## ABOUT THIS EXERCISE
Keep the pictures out. Restate the entries below word for word.
(DATA FOR PROCESSING Opens)
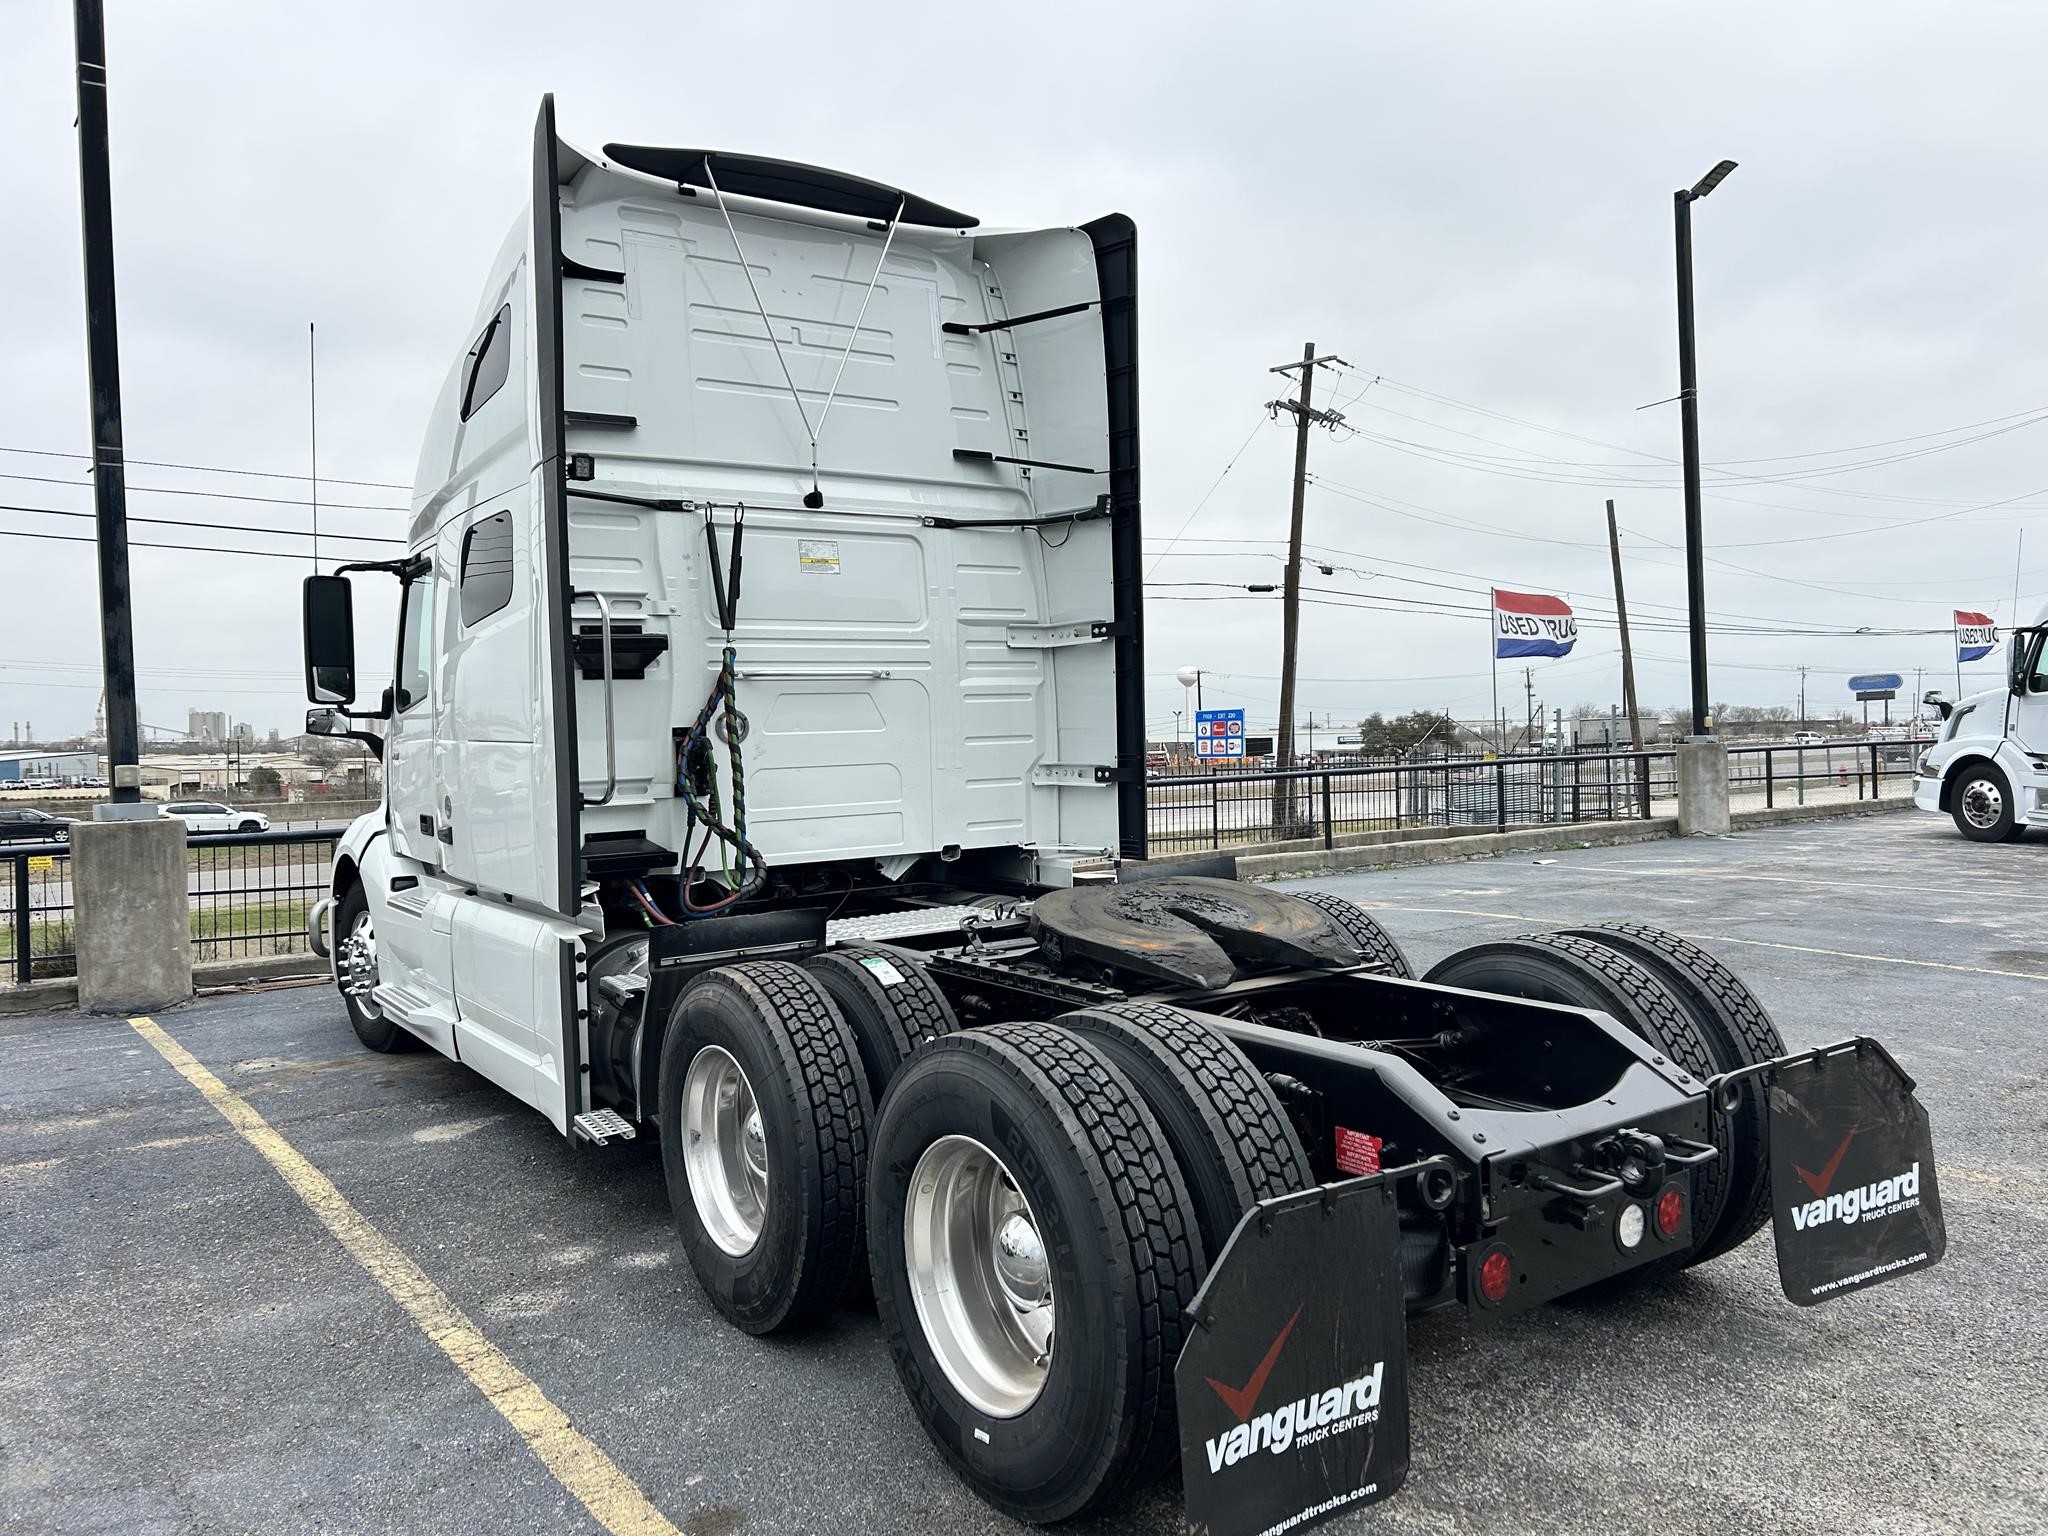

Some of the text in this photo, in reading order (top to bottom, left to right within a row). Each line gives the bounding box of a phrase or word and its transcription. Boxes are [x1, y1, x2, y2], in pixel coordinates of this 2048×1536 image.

[1500, 613, 1540, 636] USED
[1791, 1162, 1920, 1231] vanguard
[1861, 1197, 1920, 1223] TRUCK CENTERS
[1811, 1251, 1928, 1296] www.vanguardtrucks.com
[1206, 1362, 1384, 1474] vanguard
[1295, 1408, 1379, 1450] TRUCK CENTERS
[1256, 1483, 1377, 1536] anguardtrucks.com
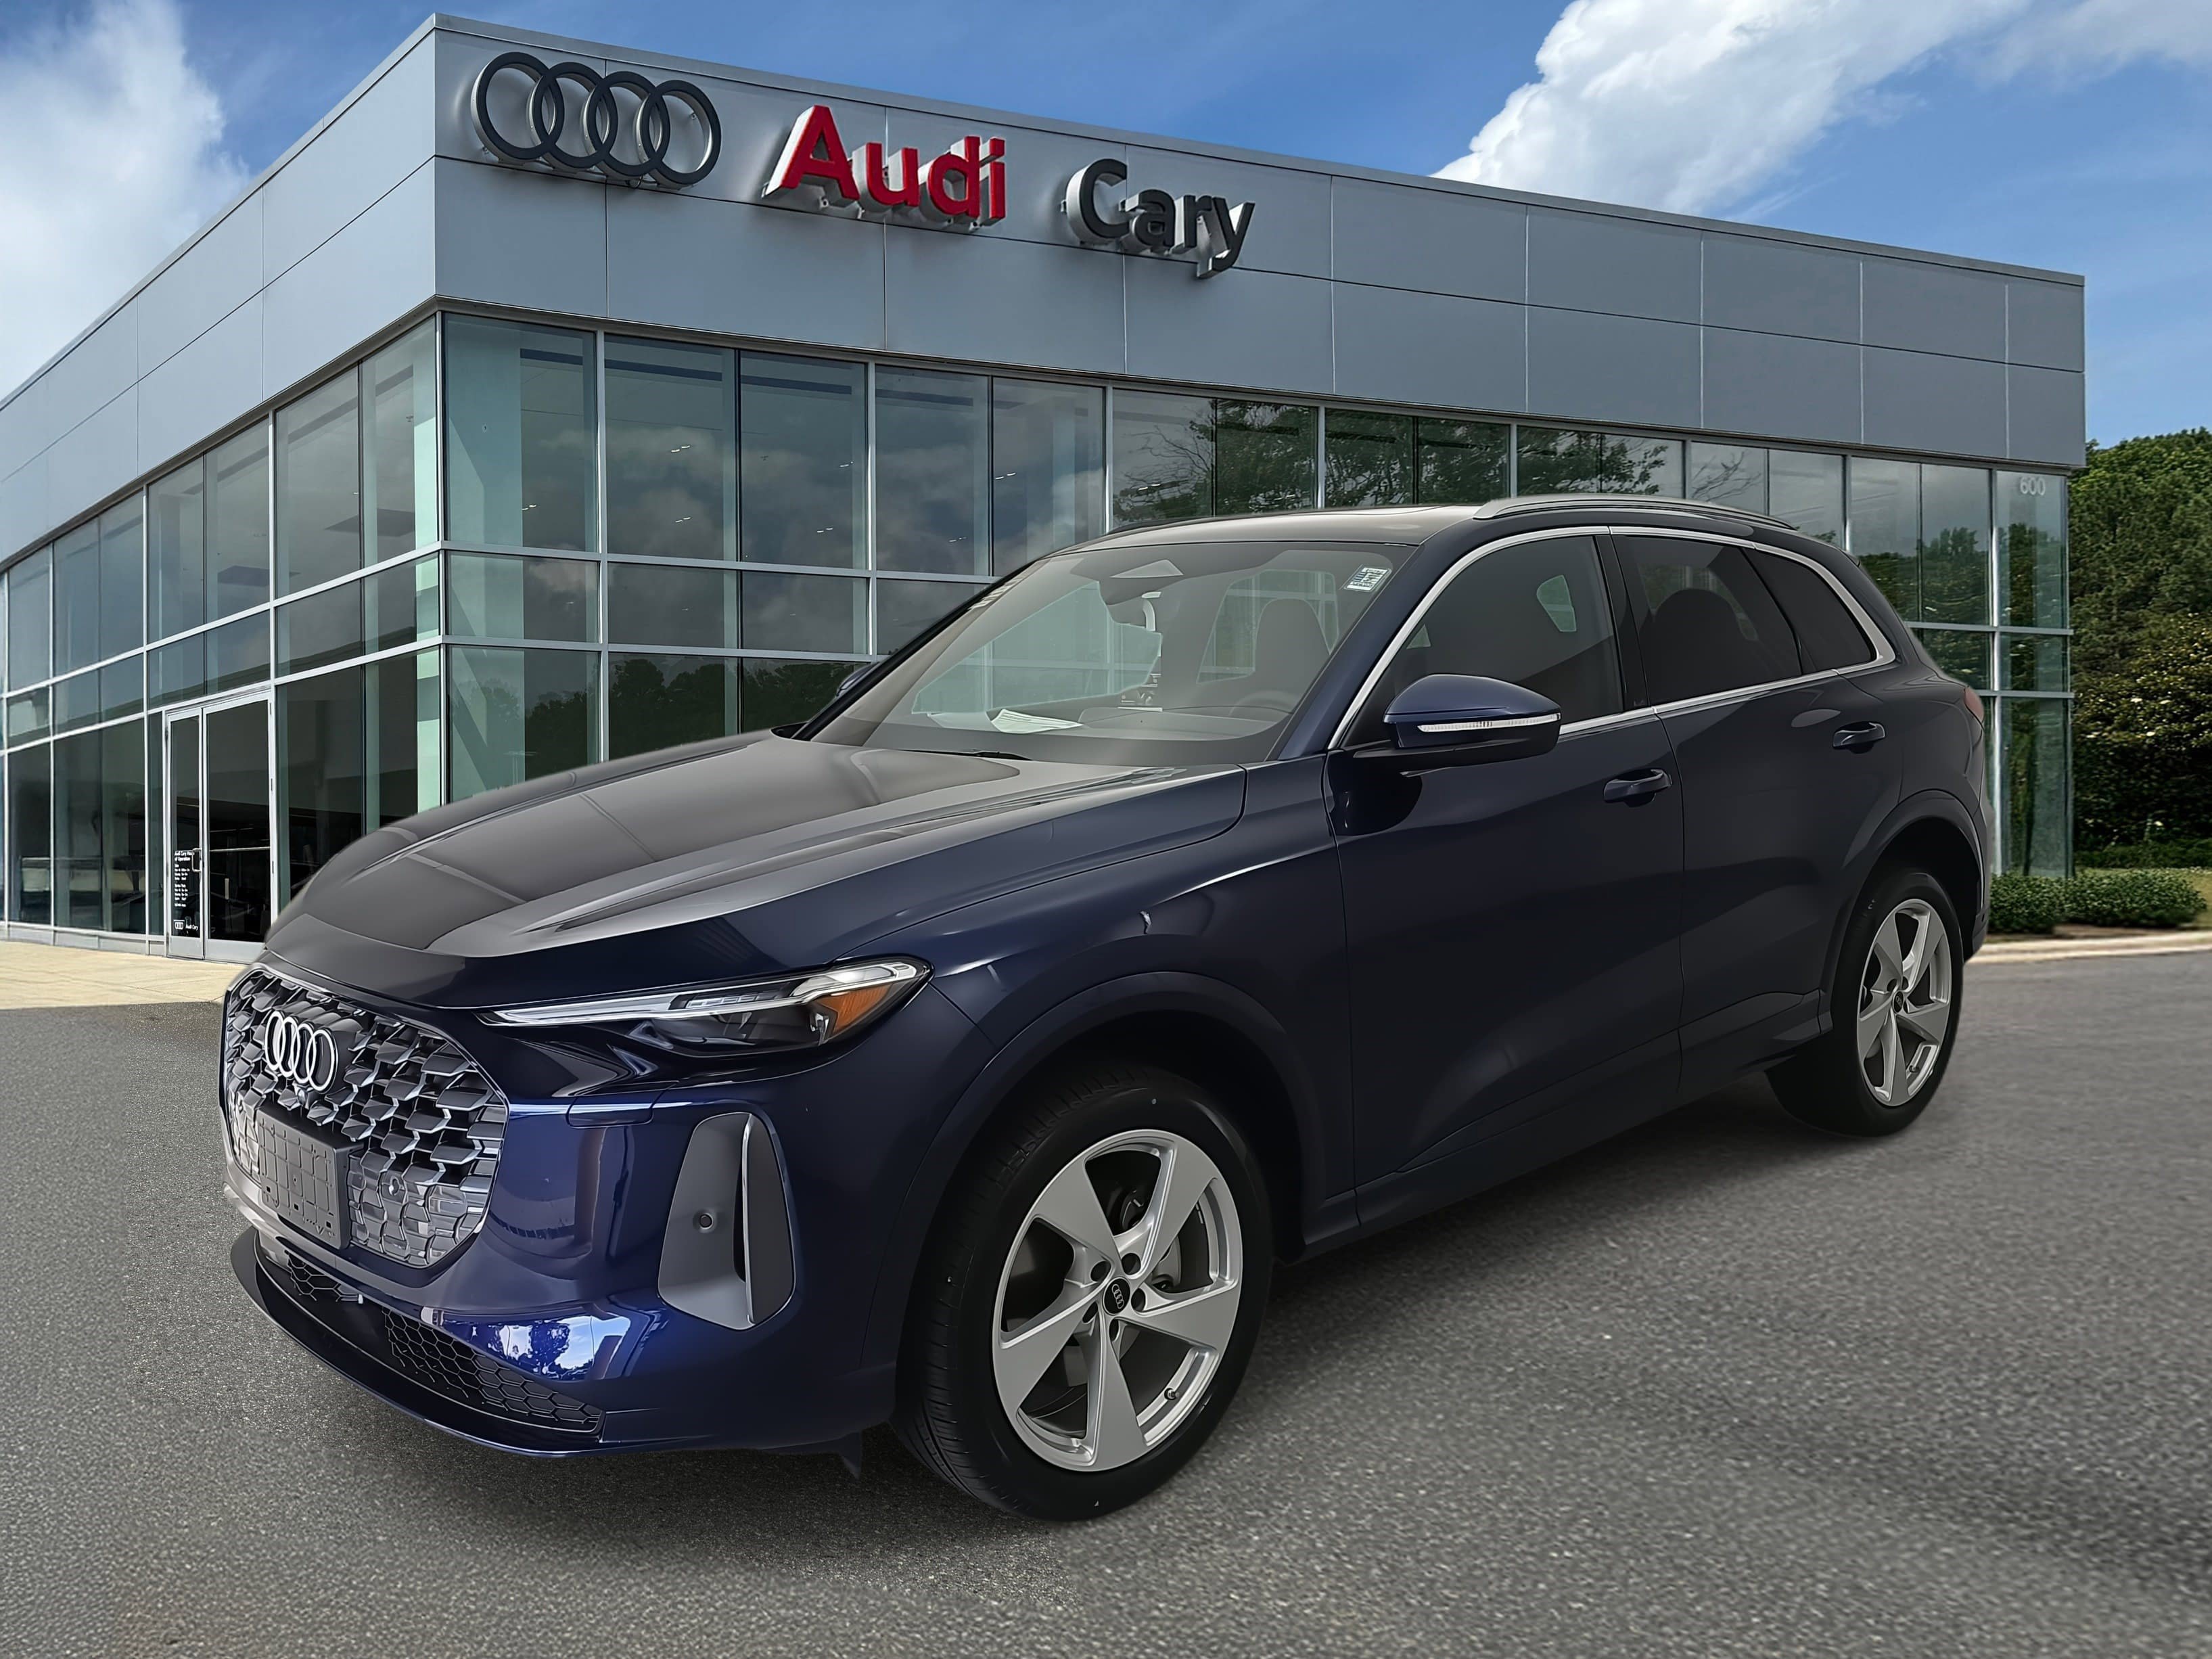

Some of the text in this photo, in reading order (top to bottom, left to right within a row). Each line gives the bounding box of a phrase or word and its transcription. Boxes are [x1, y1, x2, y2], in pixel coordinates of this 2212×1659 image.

[768, 104, 1256, 278] Audi Cary
[2020, 476, 2046, 495] 600
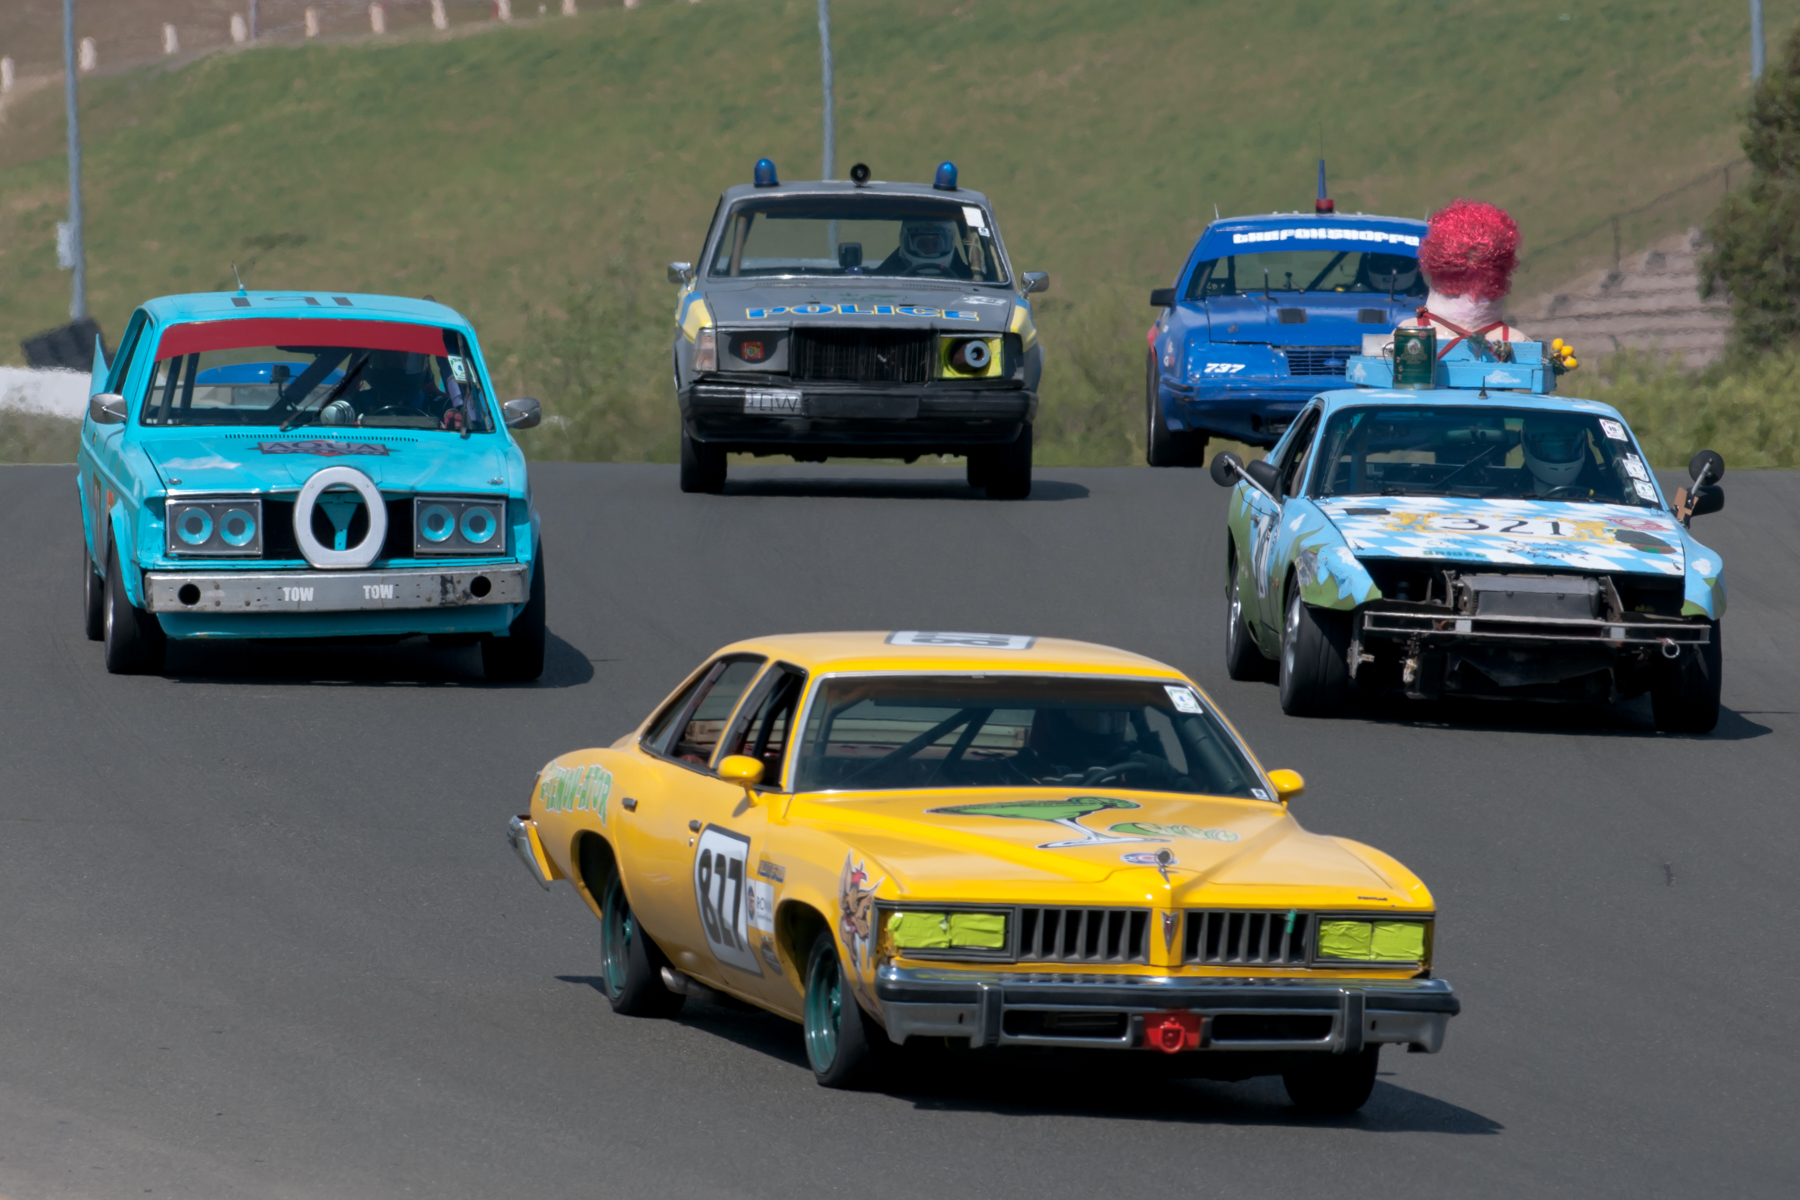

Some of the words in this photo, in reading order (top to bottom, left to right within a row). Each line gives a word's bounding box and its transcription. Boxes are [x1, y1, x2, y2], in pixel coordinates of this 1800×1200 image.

[745, 303, 980, 322] POLICE
[1203, 362, 1246, 374] 737
[268, 441, 380, 451] AQUA
[1439, 516, 1567, 537] 321
[282, 586, 315, 602] TOW
[362, 584, 394, 600] TOW
(DATA FOR PROCESSING Closes)
## EXERCISE ANSWER
Some of the text in this photo, in reading order (top to bottom, left to right within a row). Each line gives the bounding box of a phrase or word and its transcription. Boxes are [x1, y1, x2, y2], in pixel coordinates of this 2048×1536 image.

[1500, 613, 1540, 636] USED
[1791, 1162, 1920, 1231] vanguard
[1861, 1197, 1920, 1223] TRUCK CENTERS
[1811, 1251, 1928, 1296] www.vanguardtrucks.com
[1206, 1362, 1384, 1474] vanguard
[1295, 1408, 1379, 1450] TRUCK CENTERS
[1256, 1483, 1377, 1536] anguardtrucks.com

Some of the text in this photo, in reading order (top to bottom, left to right within a row). Each line gives the bounding box of a phrase or word and its transcription. Boxes are [x1, y1, x2, y2], in pixel coordinates of this 2212×1659 image.

[768, 104, 1256, 278] Audi Cary
[2020, 476, 2046, 495] 600

Some of the words in this photo, in reading order (top to bottom, left to right within a row). Each line gives a word's bounding box and its transcription. Boxes are [x1, y1, x2, y2], in pixel coordinates of this 1800×1200 image.

[745, 303, 980, 322] POLICE
[1203, 362, 1246, 374] 737
[268, 441, 380, 451] AQUA
[1439, 516, 1567, 537] 321
[282, 586, 315, 602] TOW
[362, 584, 394, 600] TOW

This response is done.